◆ **WORK REQUEST**: Write out the records in full and without alteration, setting aside their pictures.

Free-text object descriptions

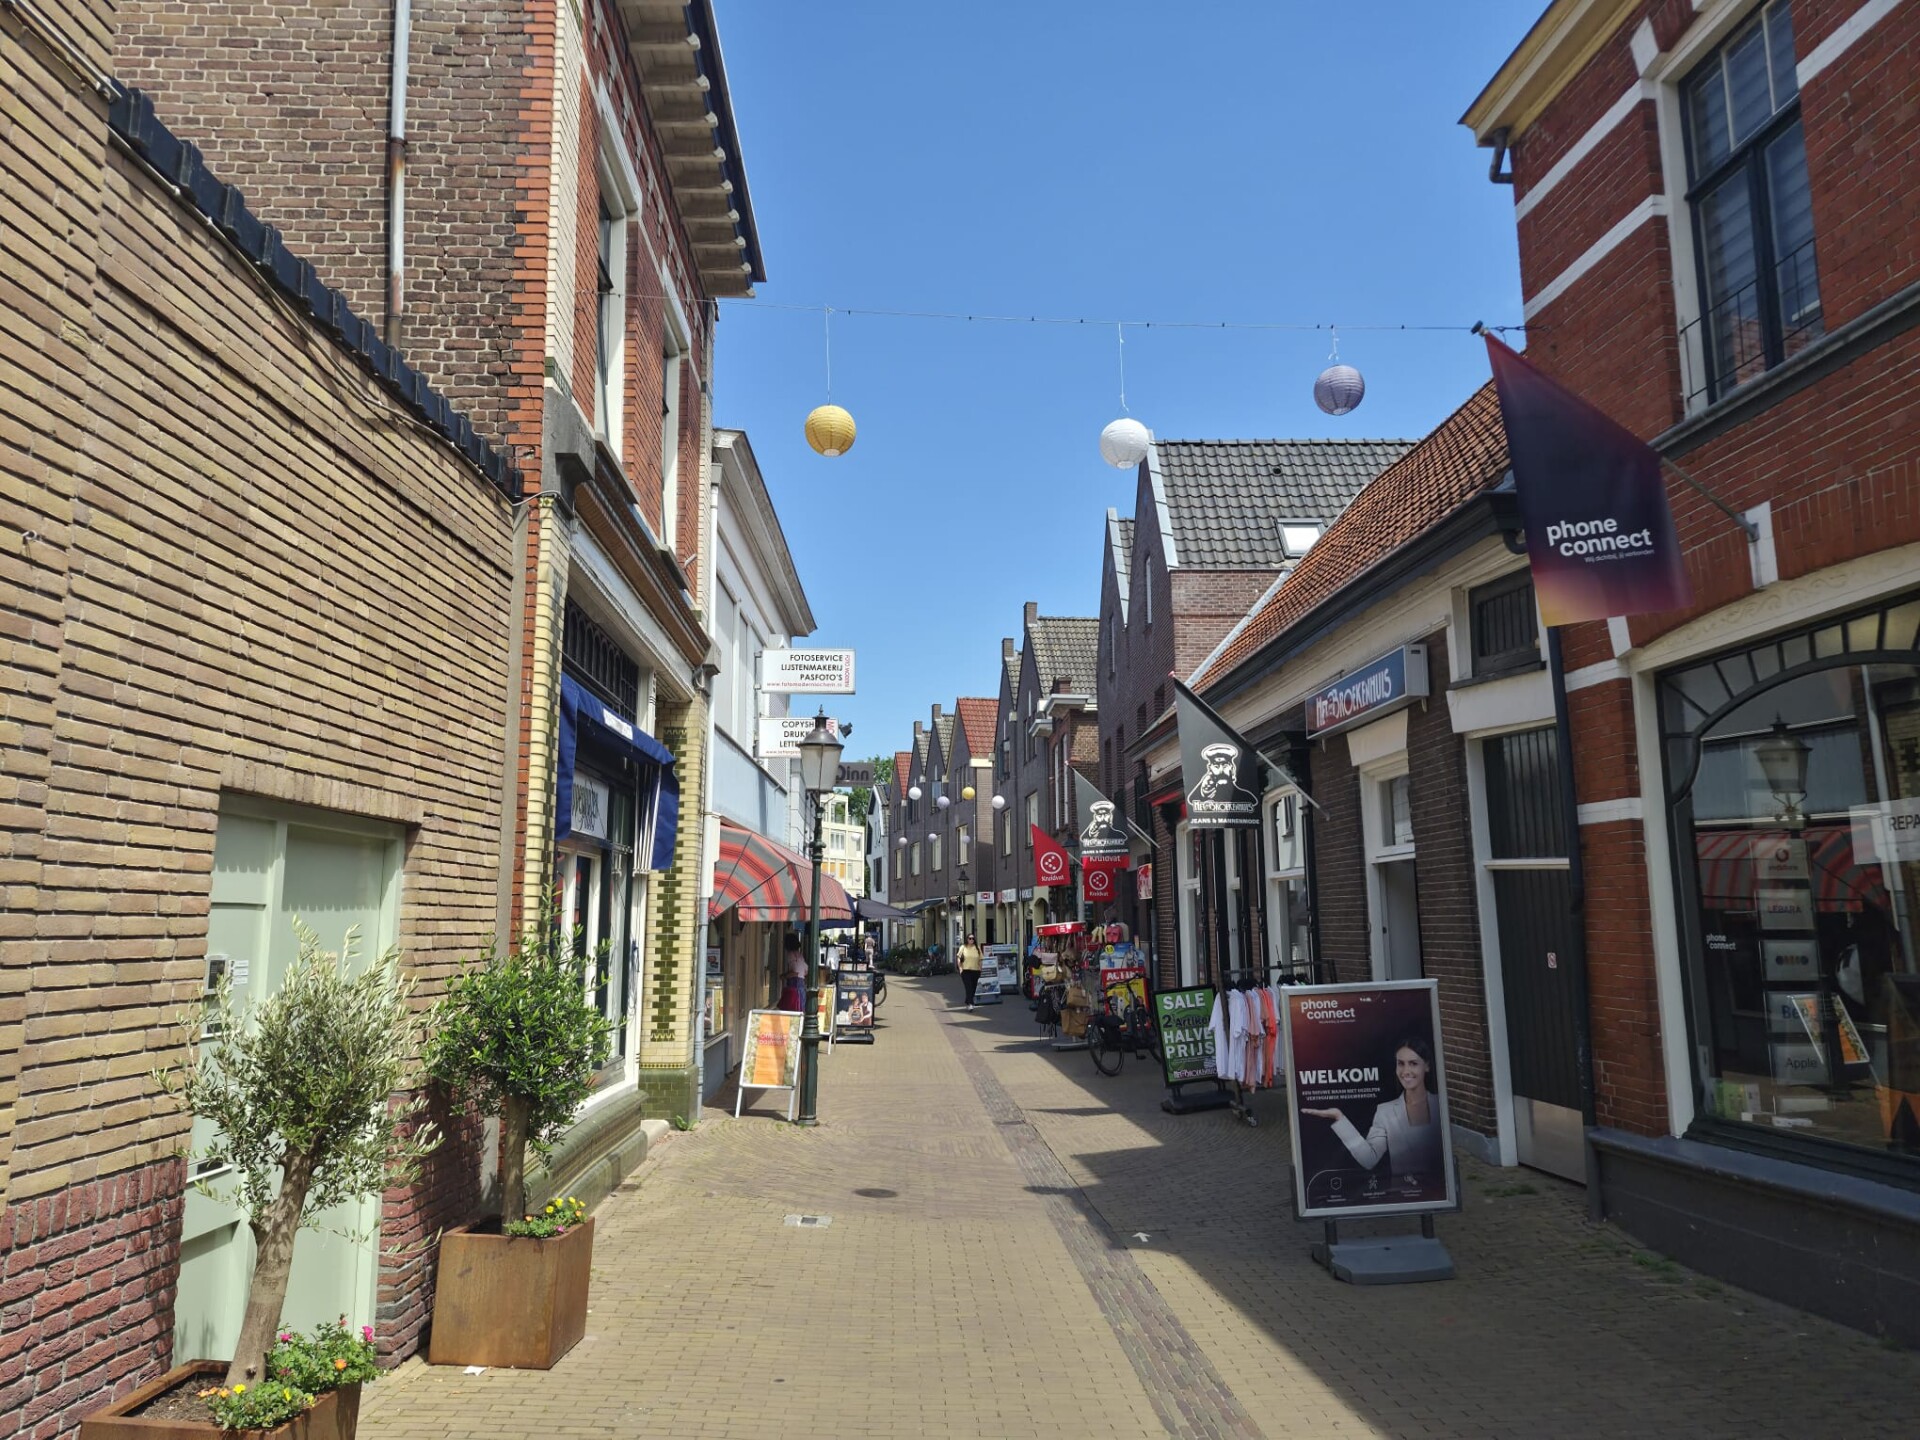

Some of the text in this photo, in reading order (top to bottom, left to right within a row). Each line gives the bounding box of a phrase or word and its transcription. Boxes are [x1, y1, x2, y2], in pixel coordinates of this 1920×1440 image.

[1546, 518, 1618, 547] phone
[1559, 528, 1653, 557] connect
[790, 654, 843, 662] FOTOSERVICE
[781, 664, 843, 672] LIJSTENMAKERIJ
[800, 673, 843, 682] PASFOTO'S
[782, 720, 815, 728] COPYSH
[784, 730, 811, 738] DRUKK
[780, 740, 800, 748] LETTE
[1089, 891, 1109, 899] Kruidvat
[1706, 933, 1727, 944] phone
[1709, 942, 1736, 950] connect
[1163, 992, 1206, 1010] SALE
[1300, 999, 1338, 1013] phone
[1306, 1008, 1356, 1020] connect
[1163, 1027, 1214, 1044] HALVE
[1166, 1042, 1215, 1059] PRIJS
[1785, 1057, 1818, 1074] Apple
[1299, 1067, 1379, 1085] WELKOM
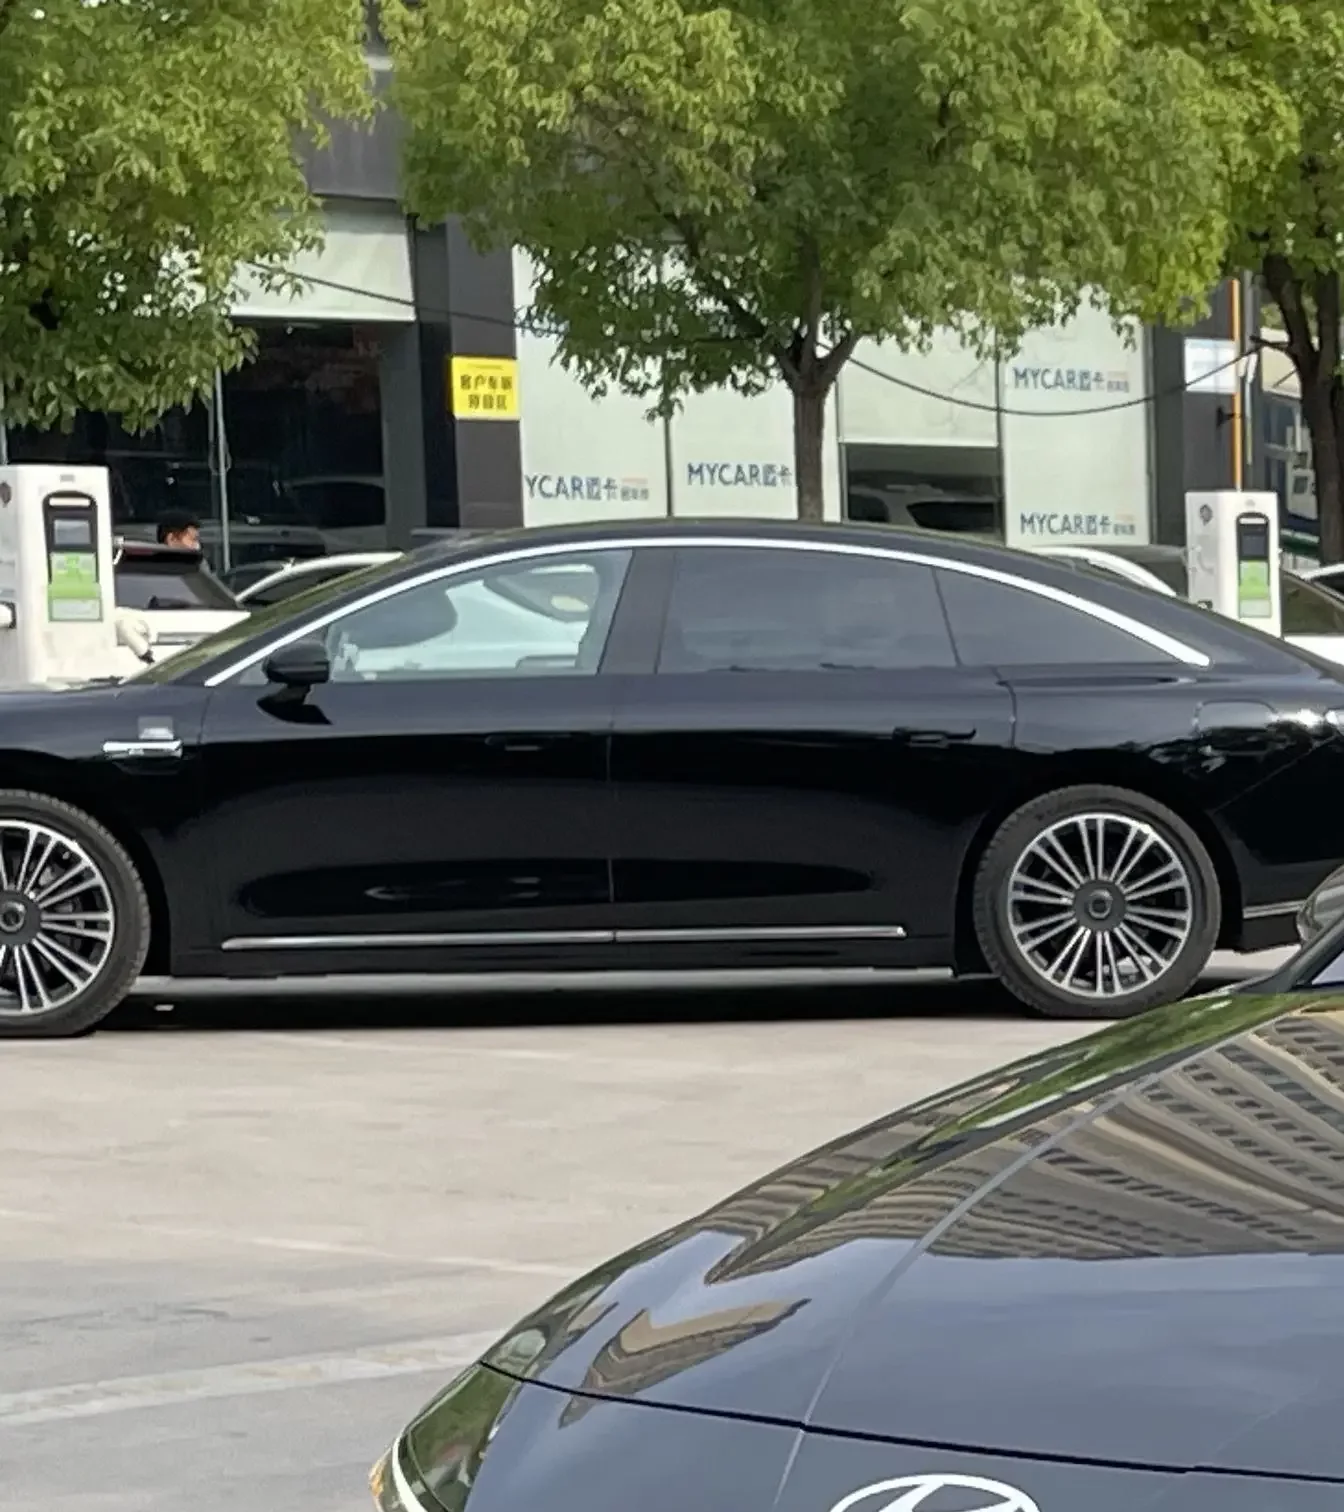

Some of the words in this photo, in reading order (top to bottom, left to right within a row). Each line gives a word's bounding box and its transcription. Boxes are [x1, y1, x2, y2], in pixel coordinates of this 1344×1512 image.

◆ **ANSWER BOX**:
Some of the text in this photo, in reading order (top to bottom, left to right within a row). Each line gives the bounding box of a phrase or word and its transcription. Boxes are [x1, y1, x2, y2], in pixel coordinates of this 1920×1440 image.

[1546, 518, 1618, 547] phone
[1559, 528, 1653, 557] connect
[790, 654, 843, 662] FOTOSERVICE
[781, 664, 843, 672] LIJSTENMAKERIJ
[800, 673, 843, 682] PASFOTO'S
[782, 720, 815, 728] COPYSH
[784, 730, 811, 738] DRUKK
[780, 740, 800, 748] LETTE
[1089, 891, 1109, 899] Kruidvat
[1706, 933, 1727, 944] phone
[1709, 942, 1736, 950] connect
[1163, 992, 1206, 1010] SALE
[1300, 999, 1338, 1013] phone
[1306, 1008, 1356, 1020] connect
[1163, 1027, 1214, 1044] HALVE
[1166, 1042, 1215, 1059] PRIJS
[1785, 1057, 1818, 1074] Apple
[1299, 1067, 1379, 1085] WELKOM

Some of the words in this photo, in reading order (top to bottom, left to right within a row). Each line gives a word's bounding box and its transcription. Boxes are [x1, y1, x2, y2], in pixel coordinates of this 1344×1512 image.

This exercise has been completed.